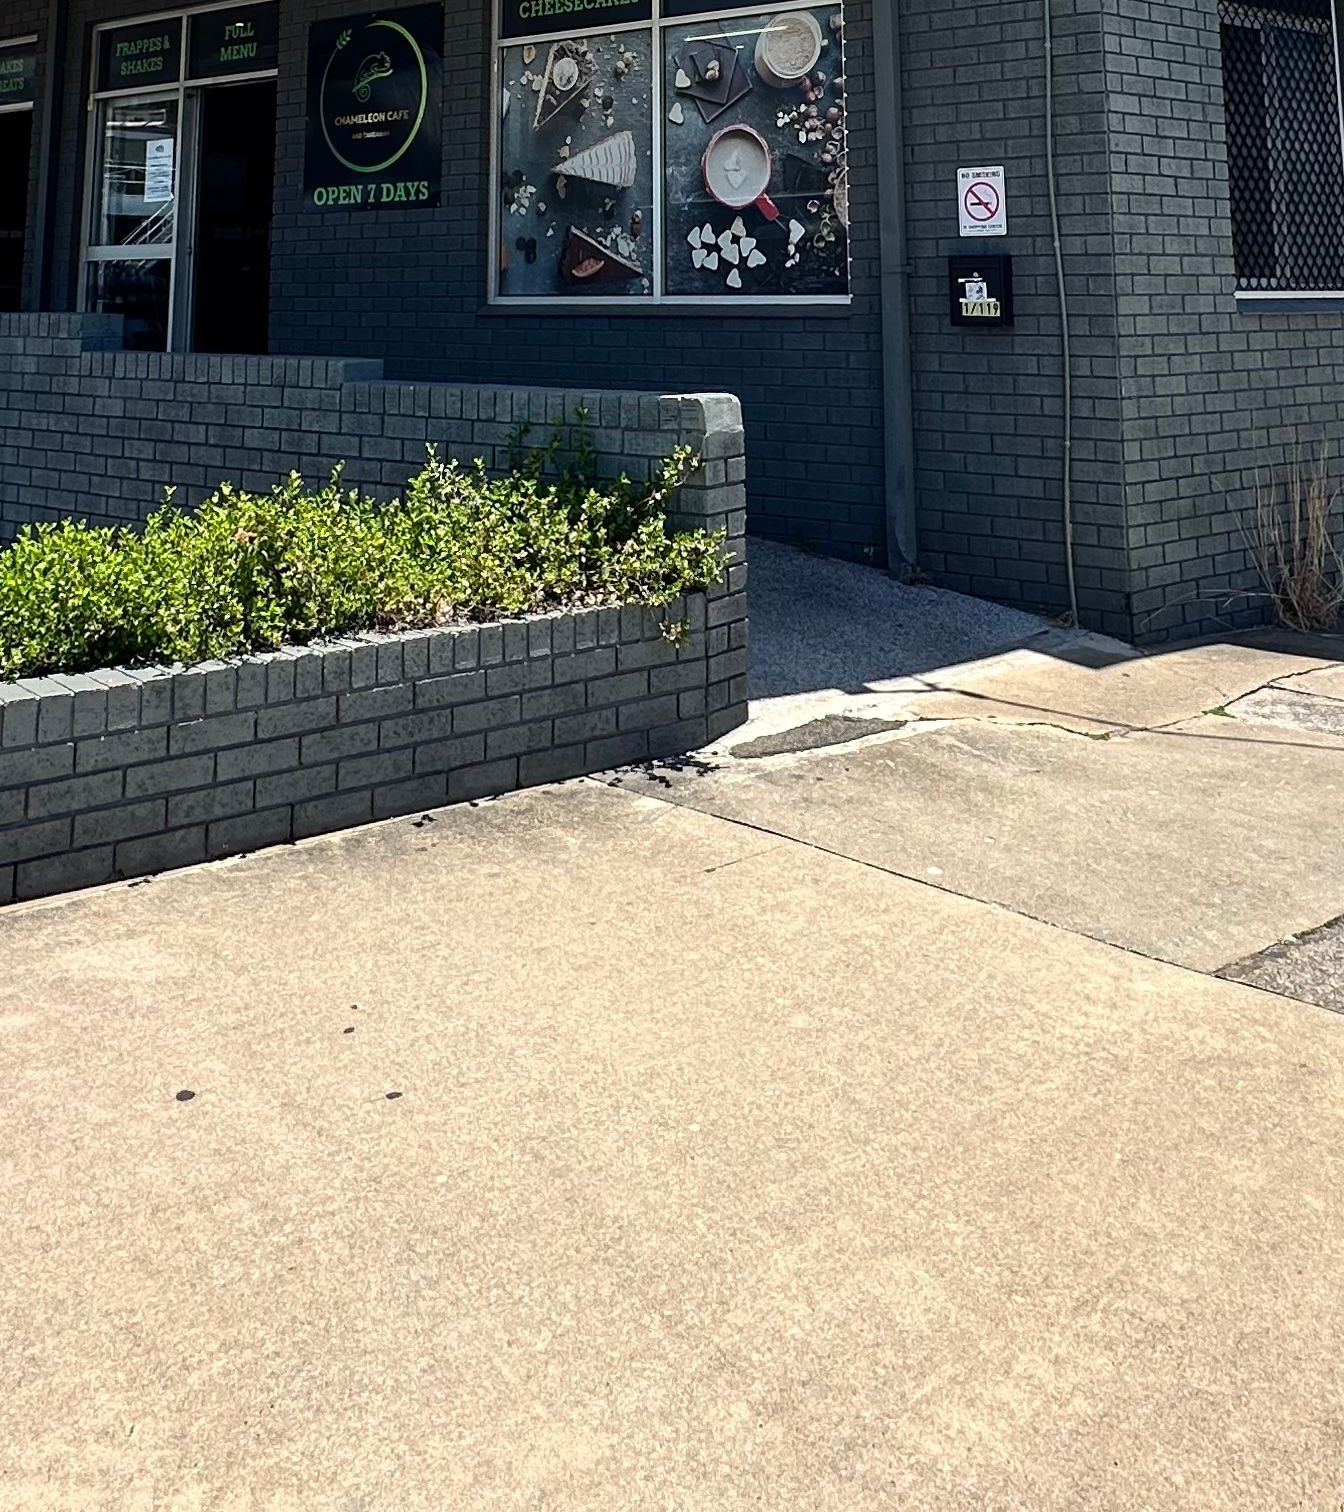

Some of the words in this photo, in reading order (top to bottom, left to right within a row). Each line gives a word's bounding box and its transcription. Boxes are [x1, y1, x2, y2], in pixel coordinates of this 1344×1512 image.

[224, 22, 255, 40] FULL
[116, 37, 163, 57] FRAPPES
[163, 34, 171, 50] &
[220, 42, 257, 62] MENU
[120, 56, 164, 76] SHAKES
[334, 112, 386, 126] CHAMELEON
[386, 109, 409, 121] CAFE
[313, 184, 364, 206] OPEN
[367, 183, 376, 203] 7
[380, 181, 429, 202] DAYS
[963, 302, 999, 316] 1/119
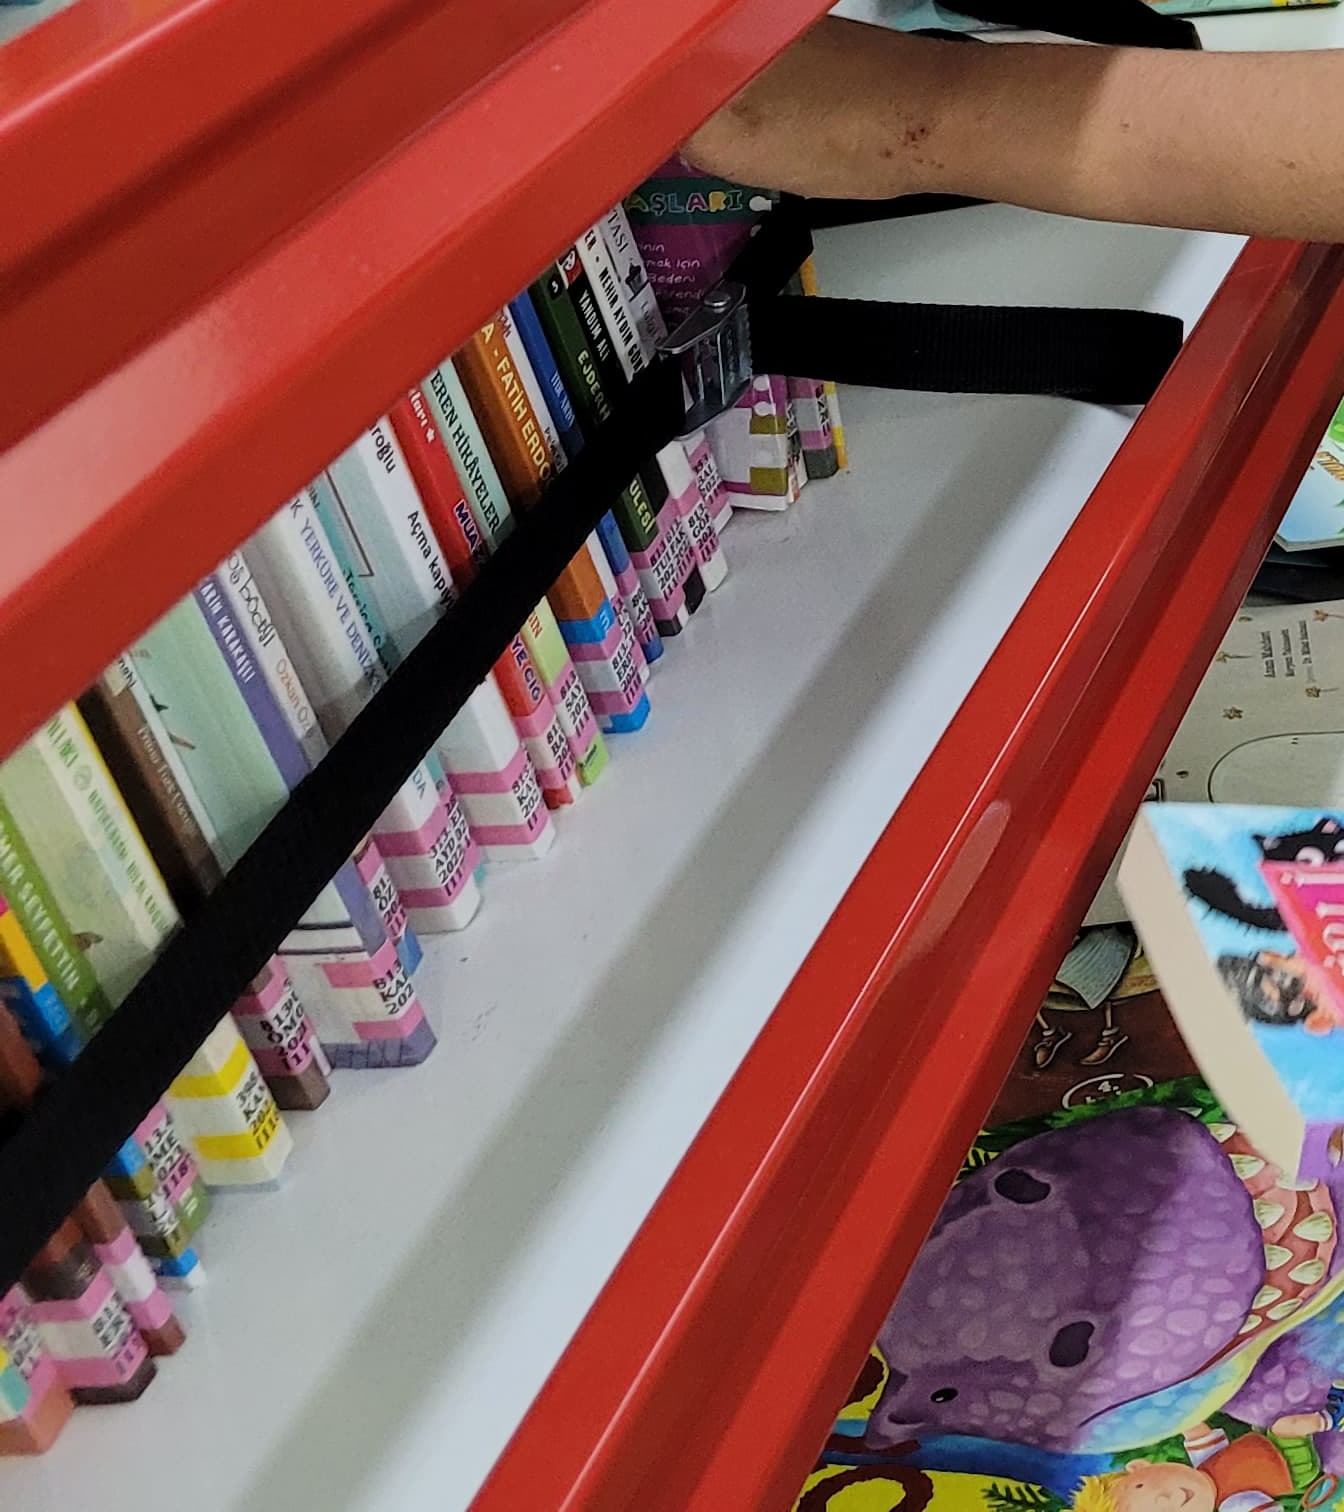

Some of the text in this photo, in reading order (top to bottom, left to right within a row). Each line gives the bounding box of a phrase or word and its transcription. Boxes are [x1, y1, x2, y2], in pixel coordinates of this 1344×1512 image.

[491, 357, 533, 421] FATİH
[401, 509, 440, 560] Açma
[294, 516, 354, 624] YERKÜRE VE
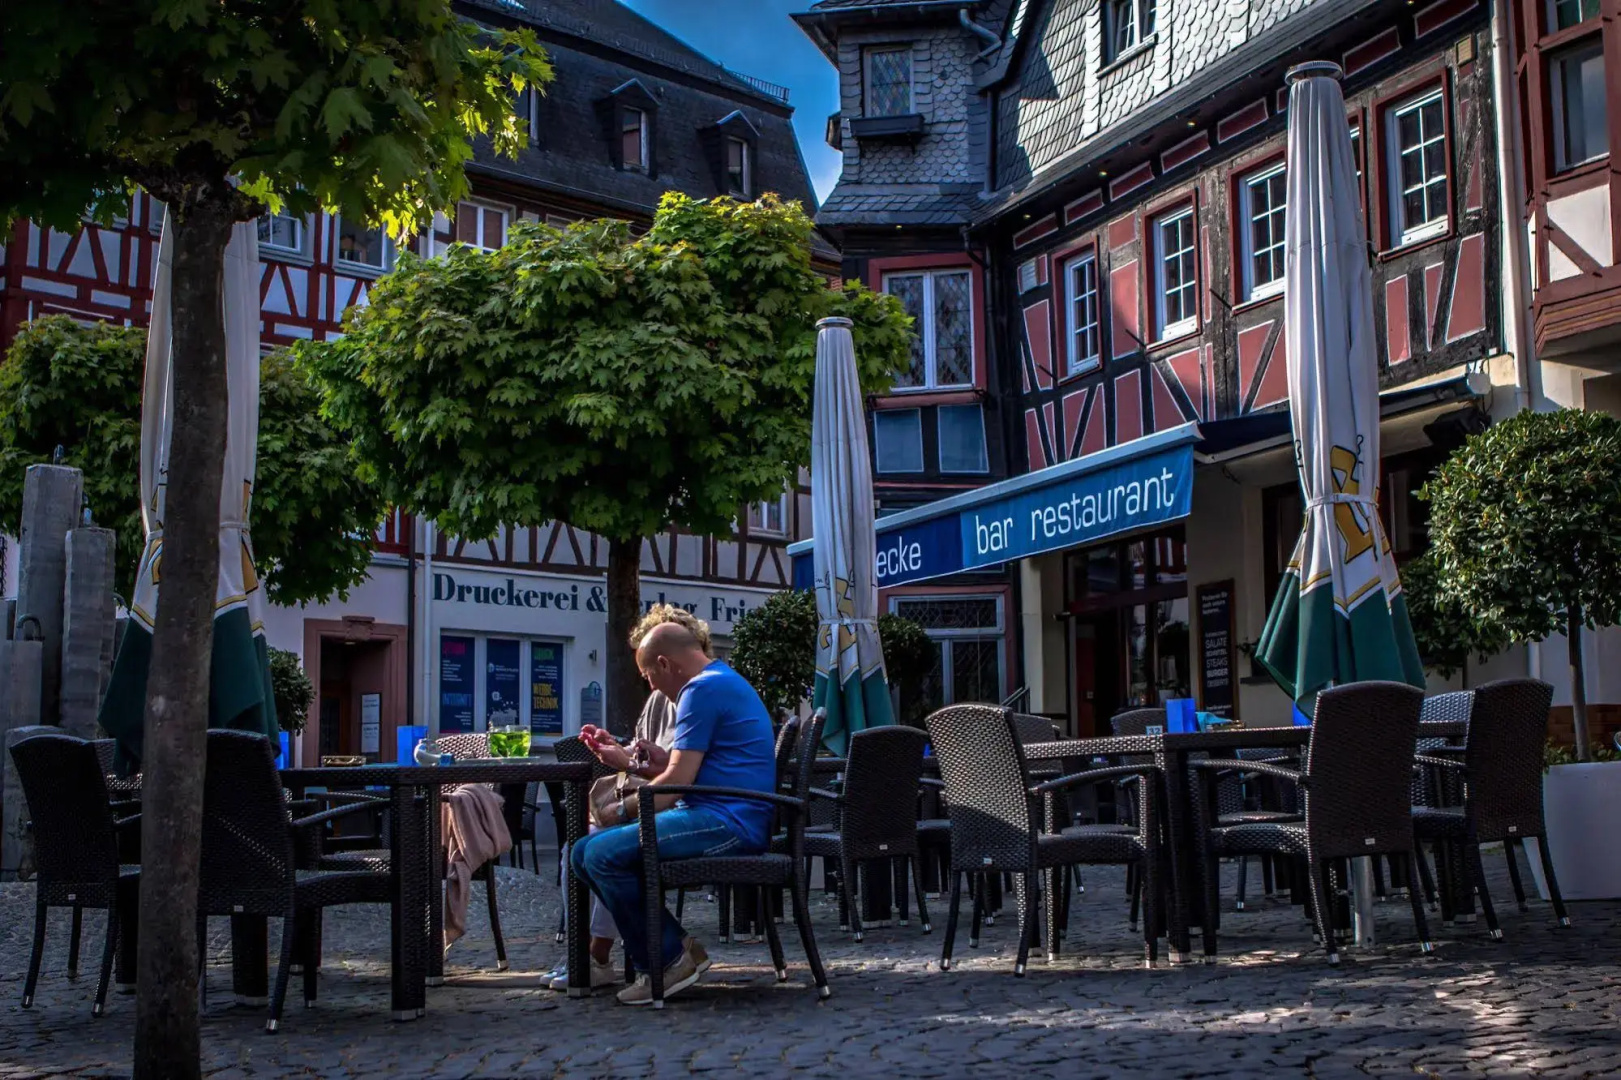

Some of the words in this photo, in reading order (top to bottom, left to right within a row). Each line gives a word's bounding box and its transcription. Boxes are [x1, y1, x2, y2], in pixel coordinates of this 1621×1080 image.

[975, 515, 1014, 554] bar
[1031, 467, 1174, 541] restaurant
[432, 573, 580, 610] Druckerei
[586, 586, 608, 612] &
[1205, 637, 1228, 649] SALATE
[1206, 657, 1228, 669] STEAKS
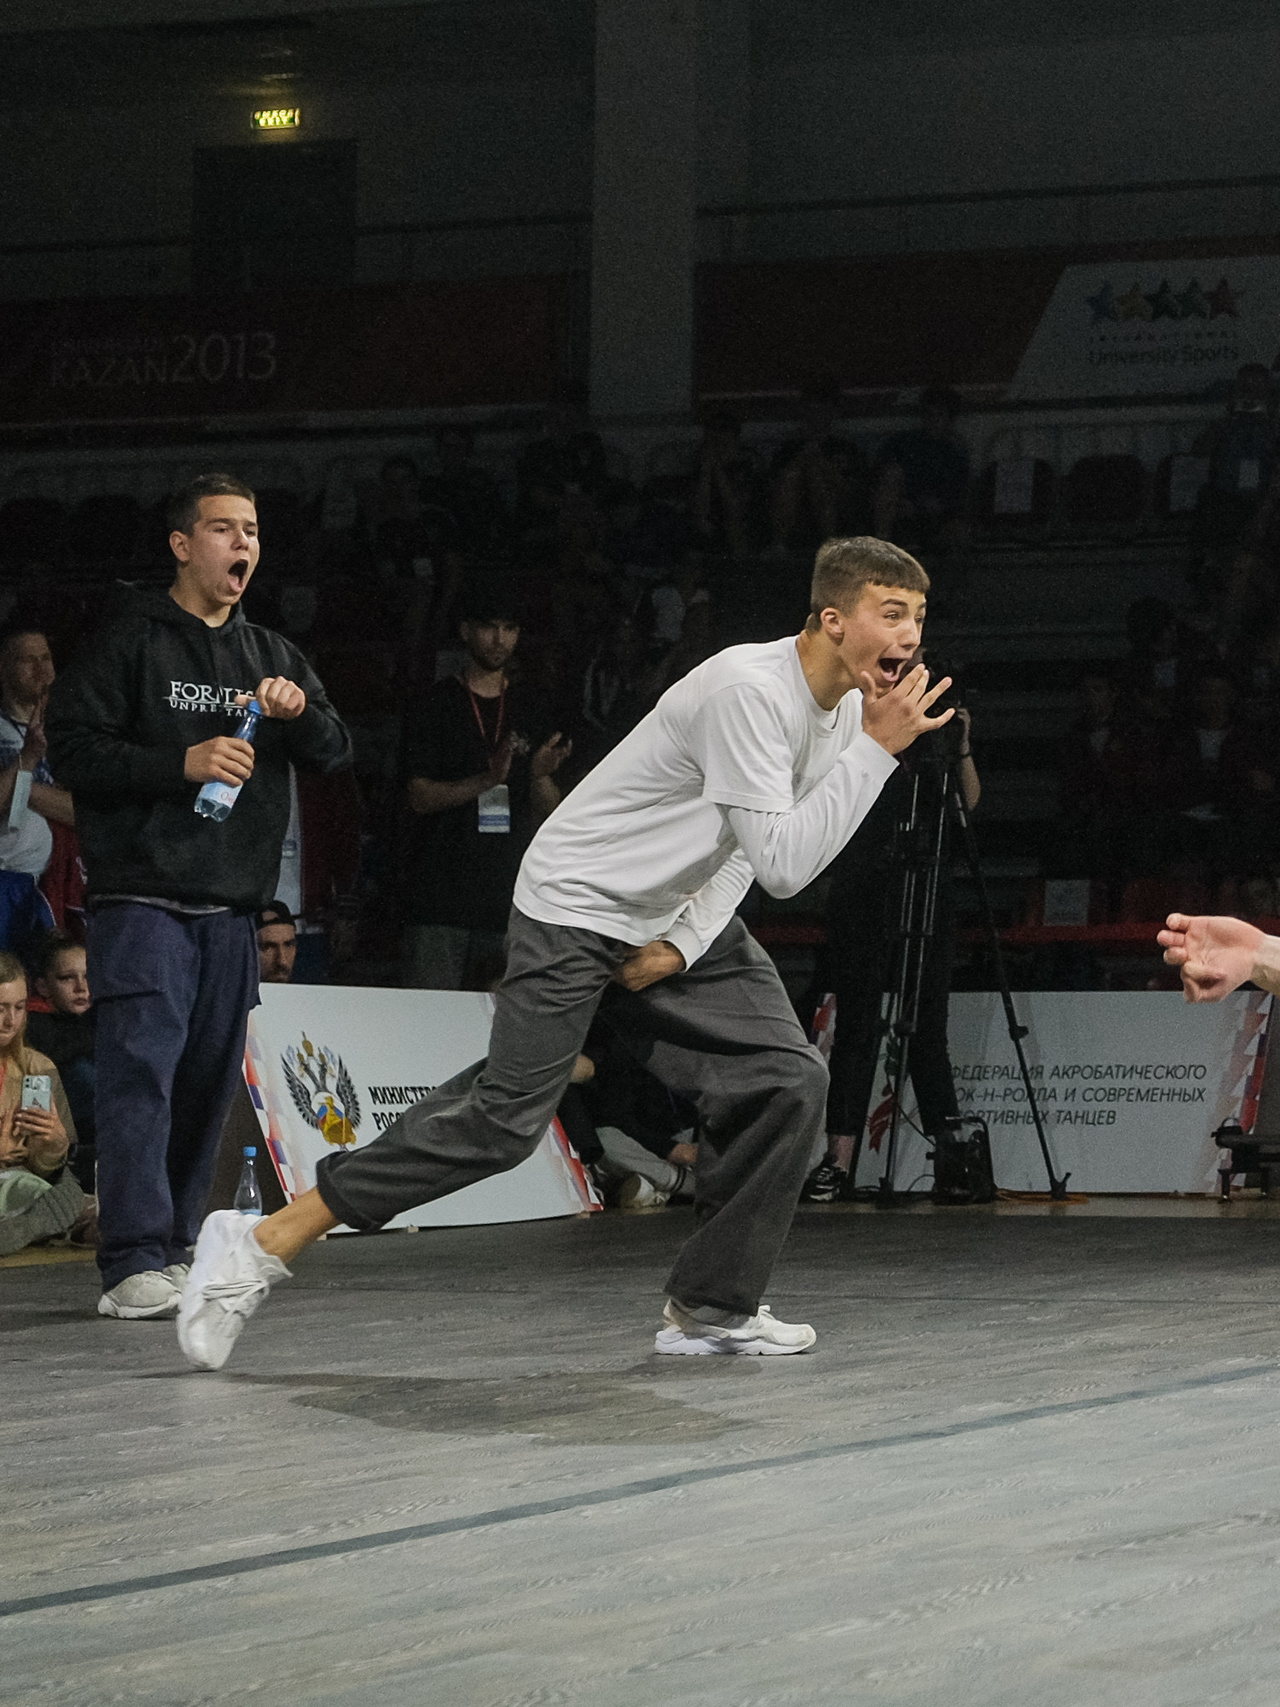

# # # #

* **TASK INSTRUCTIONS**: Reproduce the lines above, exactly and exclusively, from the line containing "this 1621×1080 image." down to the last line, both included; pictures are not part of the copy.

* **WRITTEN SOLUTION**:
Some of the words in this photo, in reading order (top to bottom, left to right within a row). Each line gives a word's bounding box and its transcription. Boxes are [x1, y1, x2, y2], in pixel coordinates of this 1621×1080 image.

[975, 515, 1014, 554] bar
[1031, 467, 1174, 541] restaurant
[432, 573, 580, 610] Druckerei
[586, 586, 608, 612] &
[1205, 637, 1228, 649] SALATE
[1206, 657, 1228, 669] STEAKS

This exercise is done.